- Prompt -
Could you please reproduce every record below exactly, leaving out the pictures?
========================================
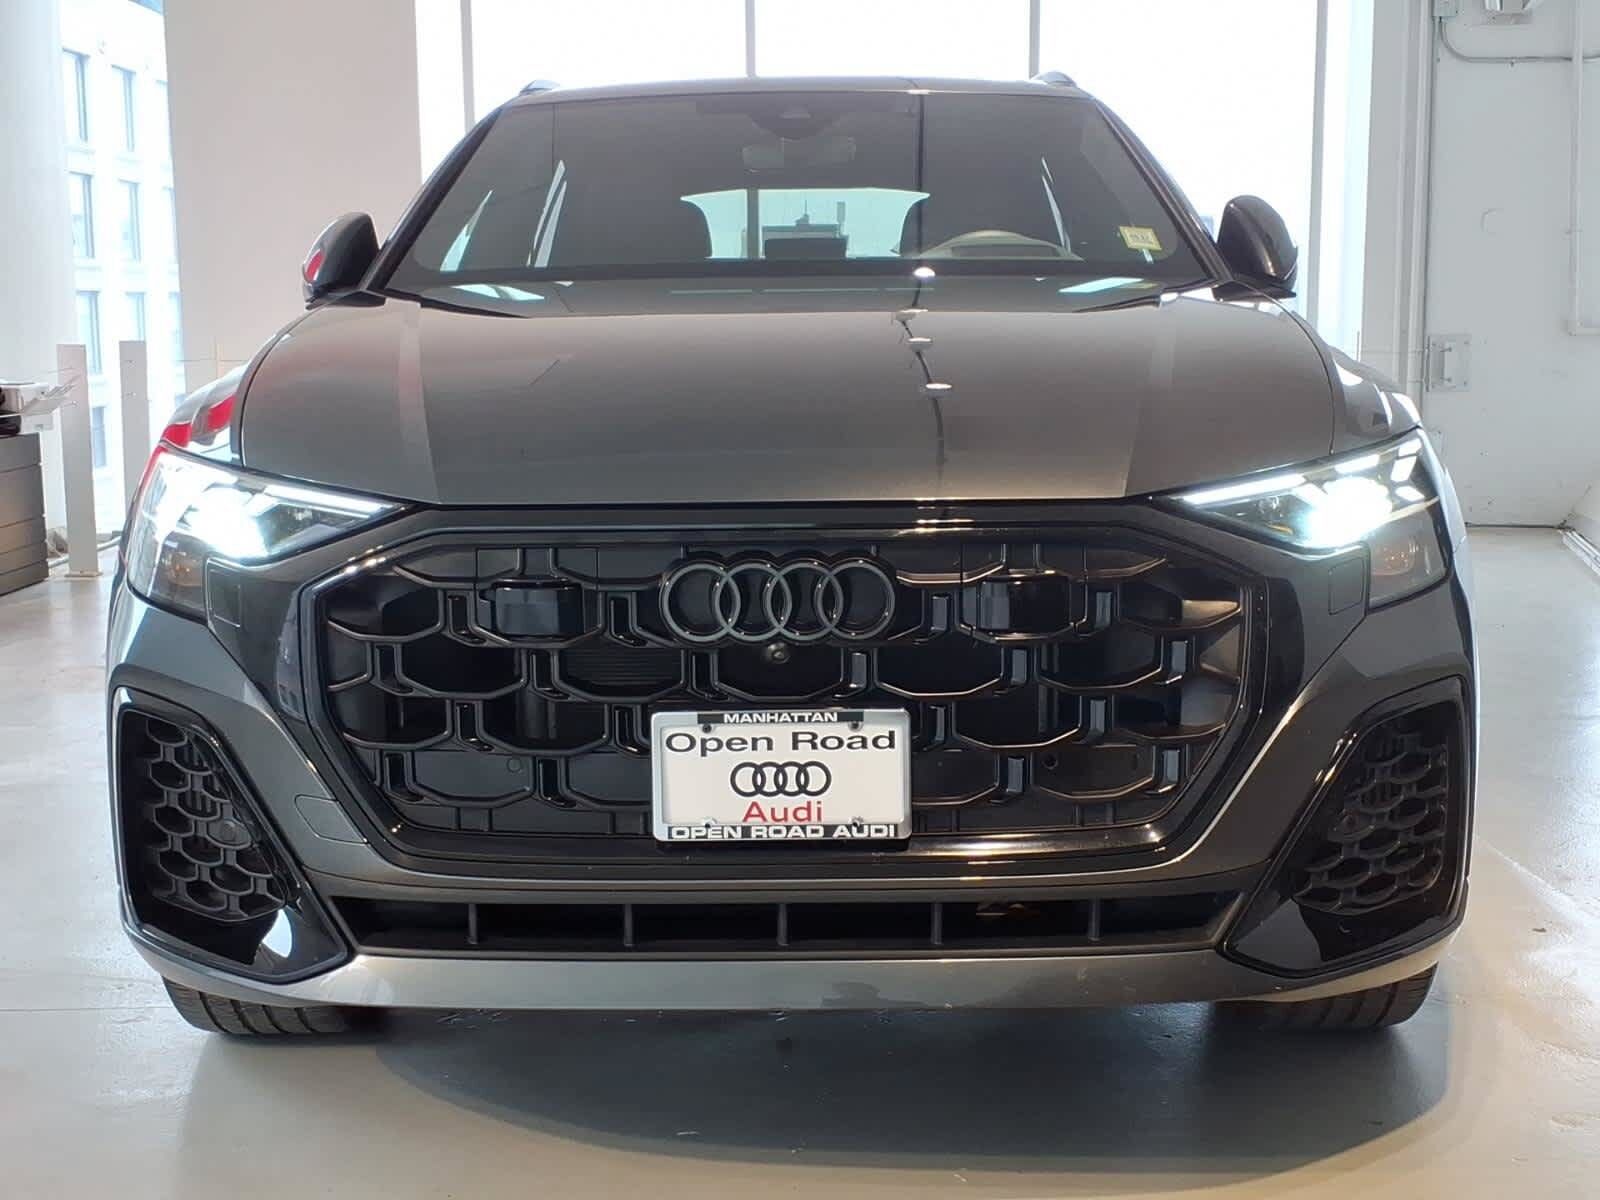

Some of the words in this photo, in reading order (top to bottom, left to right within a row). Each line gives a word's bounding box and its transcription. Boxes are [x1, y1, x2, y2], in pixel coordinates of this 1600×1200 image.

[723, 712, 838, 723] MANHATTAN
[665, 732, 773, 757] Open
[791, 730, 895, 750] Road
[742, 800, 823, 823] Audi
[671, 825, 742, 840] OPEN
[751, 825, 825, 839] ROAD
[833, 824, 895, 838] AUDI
========================================
- Solution to this task -
Some of the words in this photo, in reading order (top to bottom, left to right within a row). Each line gives a word's bounding box and its transcription. Boxes are [x1, y1, x2, y2], in pixel coordinates of this 1600×1200 image.

[723, 712, 838, 723] MANHATTAN
[665, 732, 773, 757] Open
[791, 730, 895, 750] Road
[742, 800, 823, 823] Audi
[671, 825, 742, 840] OPEN
[751, 825, 825, 839] ROAD
[833, 824, 895, 838] AUDI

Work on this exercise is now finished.